### Directions
Below are records to reproduce in full; copy them exactly but keep the pictures out.

### Data shown
↓
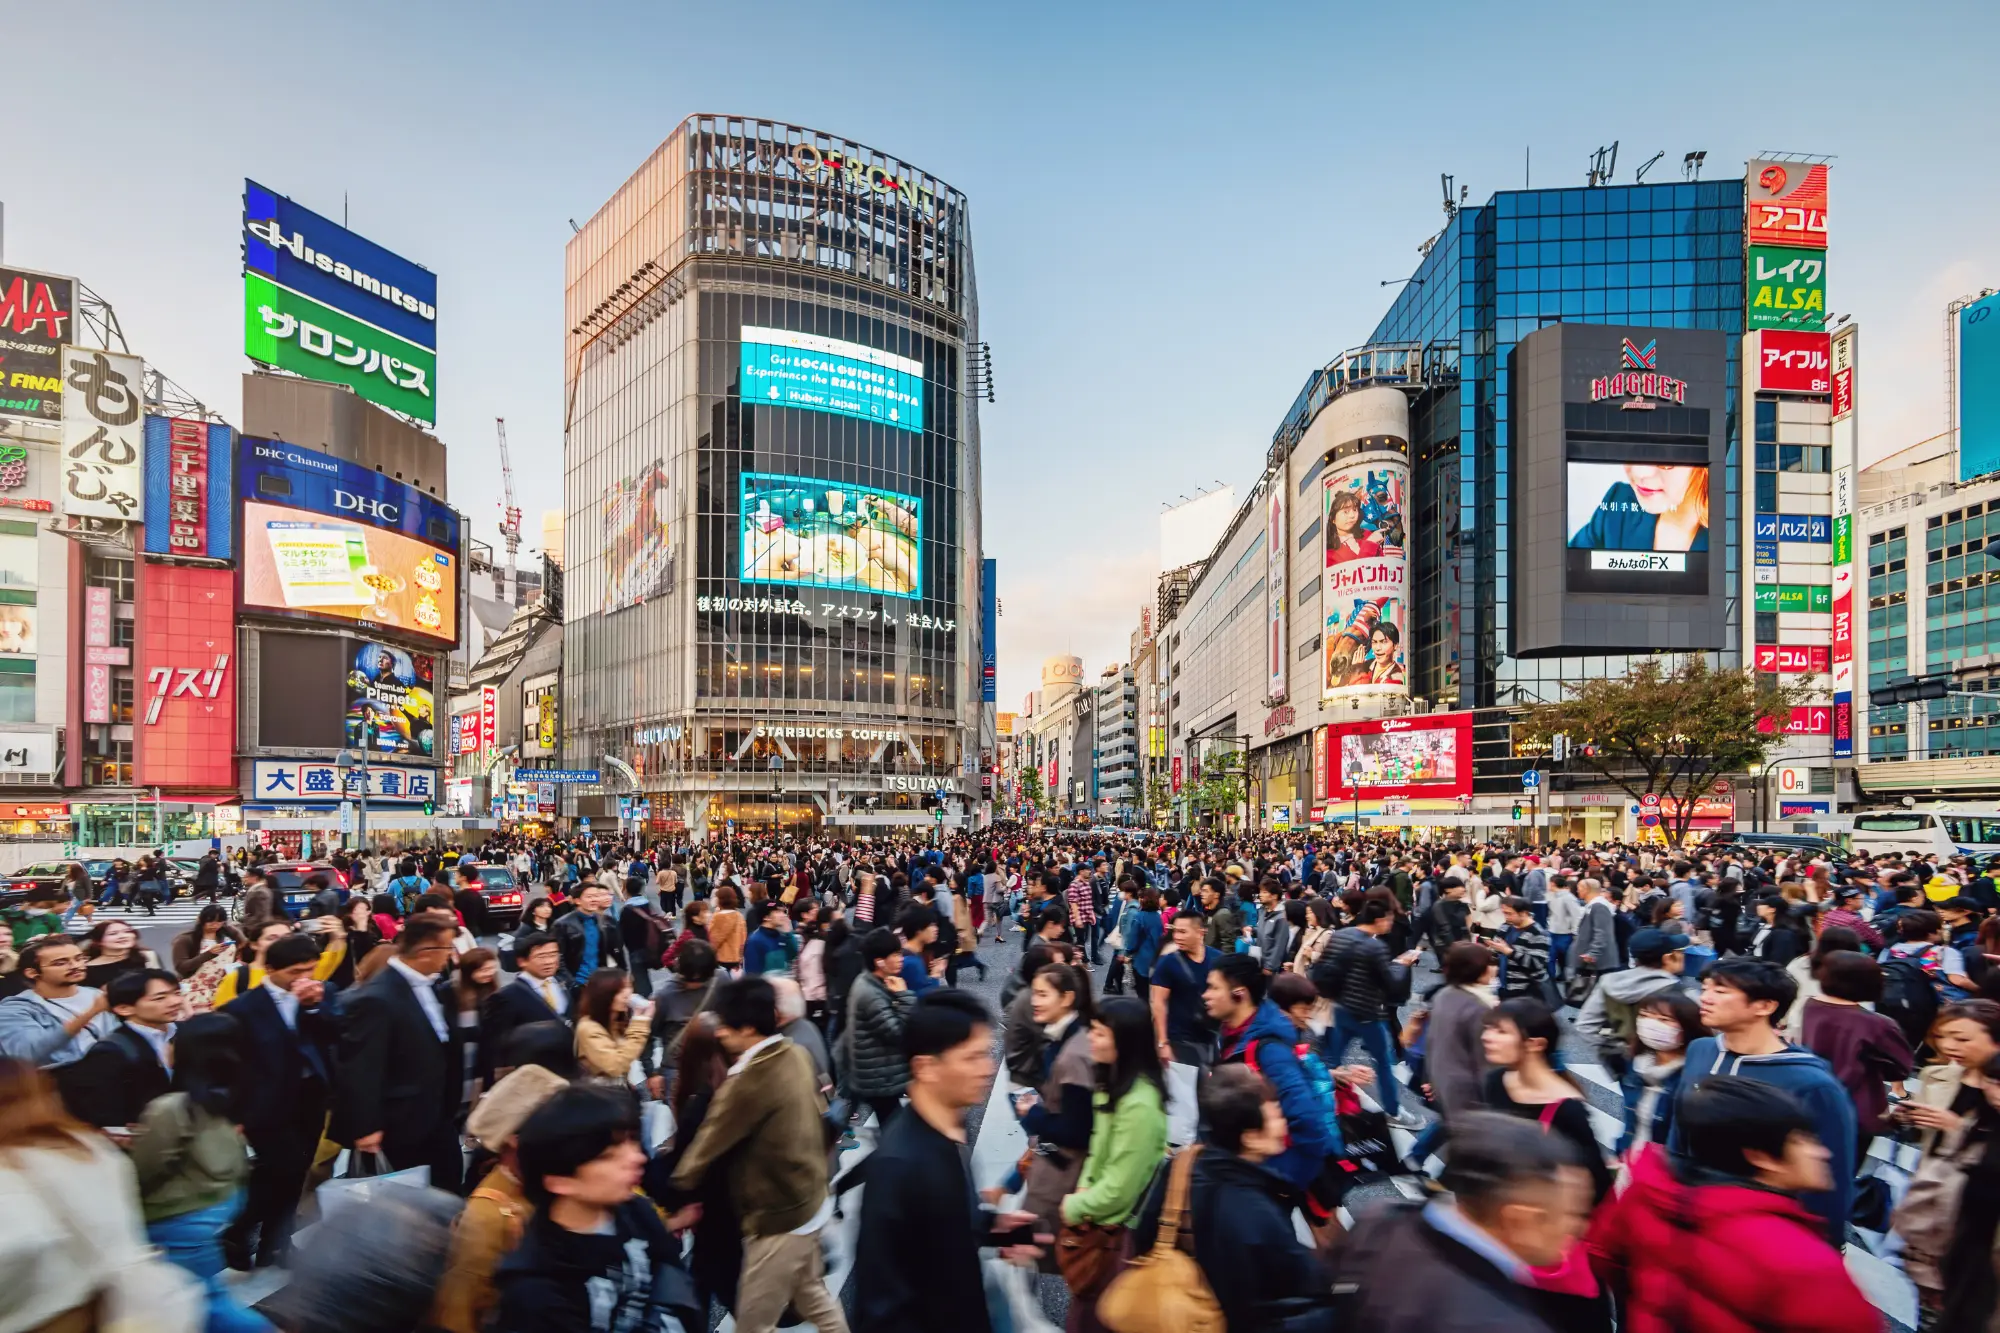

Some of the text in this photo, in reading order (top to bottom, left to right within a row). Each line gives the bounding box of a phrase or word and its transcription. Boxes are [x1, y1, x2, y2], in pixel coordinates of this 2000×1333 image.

[792, 142, 935, 214] QFRONT
[1761, 205, 1829, 233] アコム
[247, 219, 436, 321] Hisamitsu
[1756, 256, 1822, 284] レイク
[1753, 285, 1823, 311] ALSA
[257, 303, 431, 398] サロンパス
[1763, 348, 1829, 370] アイフル
[770, 353, 791, 366] Get
[793, 357, 836, 374] LOCAL
[837, 365, 886, 384] GUIDES
[746, 364, 919, 407] Experience the REAL SHIBUYA
[1591, 372, 1688, 405] MAGNET
[1811, 379, 1828, 391] 8F
[1837, 379, 1849, 414] アイフル
[829, 397, 861, 411] Japan
[67, 352, 138, 517] もんじゃ
[254, 445, 338, 474] DHC Channel
[170, 421, 200, 548] 三千里薬品
[333, 488, 399, 523] DHC
[1756, 521, 1825, 537] レオパレス21
[1607, 555, 1669, 570] みんなのFX
[1330, 563, 1404, 590] ジャパンカップ
[1755, 591, 1803, 601] レイク ALSA
[1816, 594, 1828, 604] 5F
[357, 620, 377, 629] DHC
[1836, 611, 1849, 642] アコム
[984, 653, 995, 692] SEIBU
[1760, 651, 1808, 667] アコム
[144, 654, 230, 726] クスリ
[366, 686, 418, 707] Planets
[374, 680, 406, 693] teamLab
[757, 726, 901, 741] STARBUCKS COFFEE
[1381, 719, 1411, 732] Glico
[1785, 721, 1803, 731] 入口
[1837, 702, 1849, 741] PROMISE
[265, 767, 430, 796] 大盛堂書店
[886, 776, 955, 792] TSUTAYA
[1783, 806, 1813, 815] PROMISE
↑
### Result
Some of the text in this photo, in reading order (top to bottom, left to right within a row). Each line gives the bounding box of a phrase or word and its transcription. Boxes are [x1, y1, x2, y2], in pixel coordinates of this 2000×1333 image.

[792, 142, 935, 214] QFRONT
[1761, 205, 1829, 233] アコム
[247, 219, 436, 321] Hisamitsu
[1756, 256, 1822, 284] レイク
[1753, 285, 1823, 311] ALSA
[257, 303, 431, 398] サロンパス
[1763, 348, 1829, 370] アイフル
[770, 353, 791, 366] Get
[793, 357, 836, 374] LOCAL
[837, 365, 886, 384] GUIDES
[746, 364, 919, 407] Experience the REAL SHIBUYA
[1591, 372, 1688, 405] MAGNET
[1811, 379, 1828, 391] 8F
[1837, 379, 1849, 414] アイフル
[829, 397, 861, 411] Japan
[67, 352, 138, 517] もんじゃ
[254, 445, 338, 474] DHC Channel
[170, 421, 200, 548] 三千里薬品
[333, 488, 399, 523] DHC
[1756, 521, 1825, 537] レオパレス21
[1607, 555, 1669, 570] みんなのFX
[1330, 563, 1404, 590] ジャパンカップ
[1755, 591, 1803, 601] レイク ALSA
[1816, 594, 1828, 604] 5F
[357, 620, 377, 629] DHC
[1836, 611, 1849, 642] アコム
[984, 653, 995, 692] SEIBU
[1760, 651, 1808, 667] アコム
[144, 654, 230, 726] クスリ
[366, 686, 418, 707] Planets
[374, 680, 406, 693] teamLab
[757, 726, 901, 741] STARBUCKS COFFEE
[1381, 719, 1411, 732] Glico
[1785, 721, 1803, 731] 入口
[1837, 702, 1849, 741] PROMISE
[265, 767, 430, 796] 大盛堂書店
[886, 776, 955, 792] TSUTAYA
[1783, 806, 1813, 815] PROMISE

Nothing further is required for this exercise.